Walt Disney (NYSE:DIS) was a stock on the rise in post-market trading on Thursday, following the after-hours release of its fourth quarter of fiscal 2020 results.

For the quarter, the entertainment giant suffered a 23% drop in revenue, to $14.7 billion. The bottom line plunged violently into the red, with a loss from continuing operations of $710 million against the year-ago profit of $777 million. When adjusted for certain items, the former shook out to a $0.20 per share deficit.

Sleeping Beauty's Castle in Disneyland.

Image source: Walt Disney.

Analysts were expecting far worse from Disney, however. On average, they forecast only $14.2 billion on the top line, and a much deeper per-share, adjusted net loss of $0.71.

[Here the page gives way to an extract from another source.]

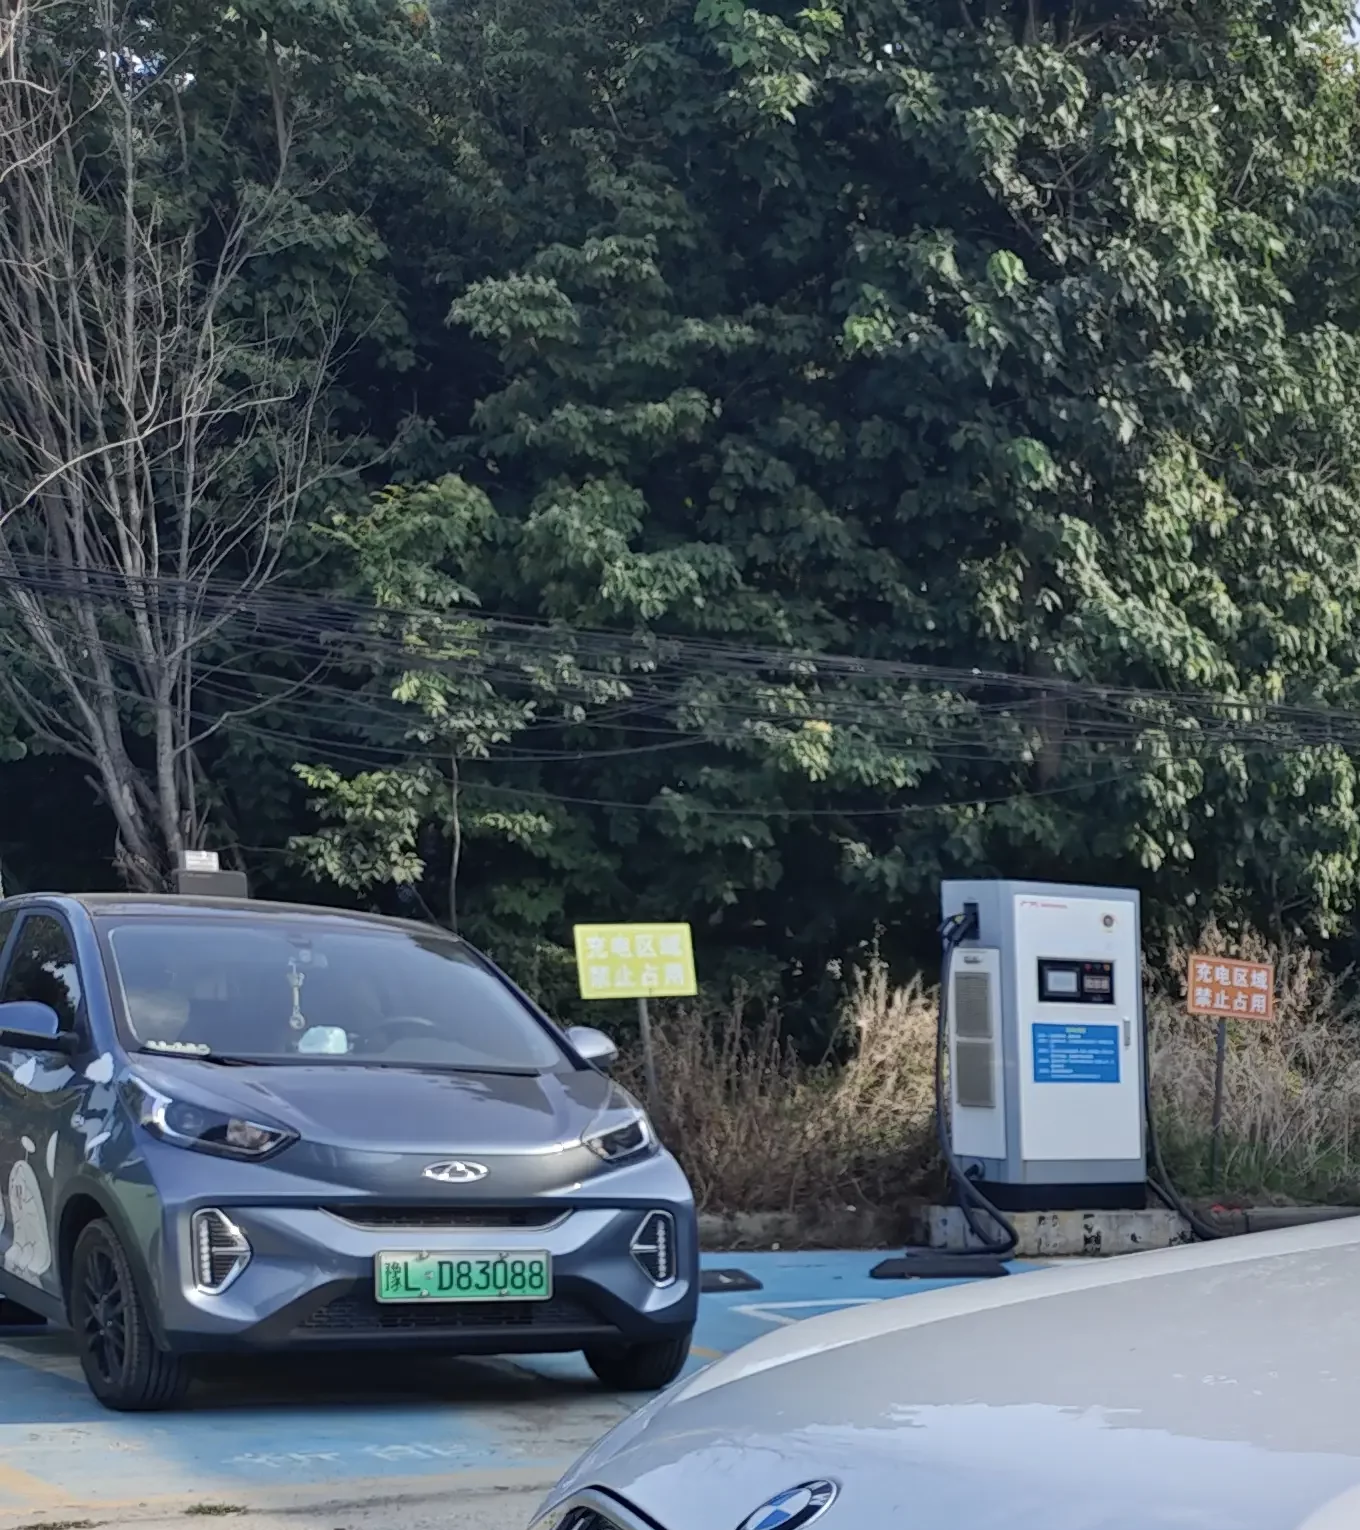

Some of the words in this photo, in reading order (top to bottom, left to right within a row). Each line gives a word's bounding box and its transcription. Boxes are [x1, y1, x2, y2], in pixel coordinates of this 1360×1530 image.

[1195, 962, 1269, 990] 充电区域
[1194, 986, 1267, 1015] 禁止占用
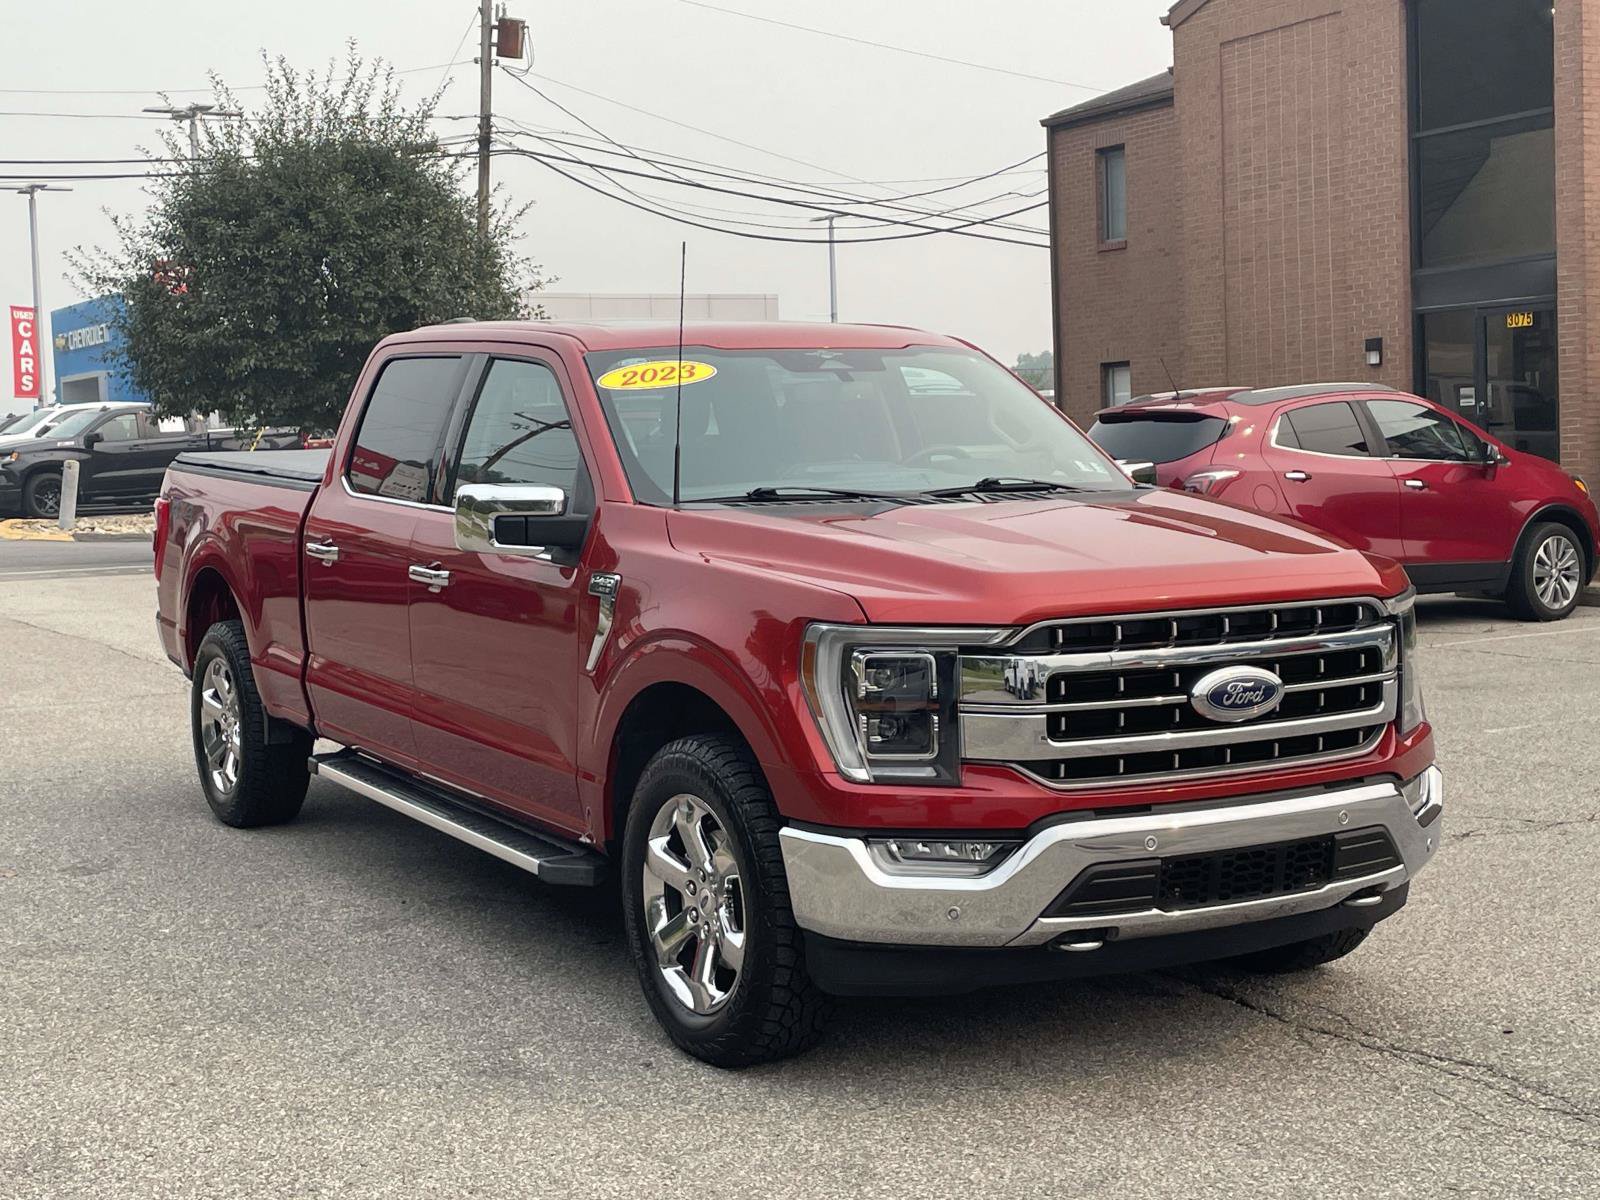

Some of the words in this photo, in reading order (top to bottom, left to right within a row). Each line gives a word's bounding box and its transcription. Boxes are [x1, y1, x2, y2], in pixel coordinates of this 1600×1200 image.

What helped lift the company was the Disney+ video streaming service, which has grown its paid subscriber count to 73.7 million. This means the service -- launched only last year -- continues to grow robustly, as that number was over 60.5 million in early August.

As a result, Disney's direct-to-consumer and international segment -- under which Disney+ falls -- enjoyed 41% growth in revenue, to $4.85 billion for the quarter. That was the best of the four segments. Media networks was the only other one reporting a gain (11%, to $7.21 billion).

Meanwhile parks, experiences, and products, and studio entertainment (i.e., films) -- both badly wounded by the coronavirus pandemic -- fell precipitously, by a respective 61% and 52%.

Disney's struggles prompted the company to suspend its semi-annual dividend. The company said this is being done "in light of the ongoing impact of COVID-19 and the Company's decision to prioritize investment in its direct-to-consumer initiatives."

But investors seem to be finding comfort in the better-than-expected results and the Disney+ figures. In after-market action on Thursday, the stock was up by over 3%.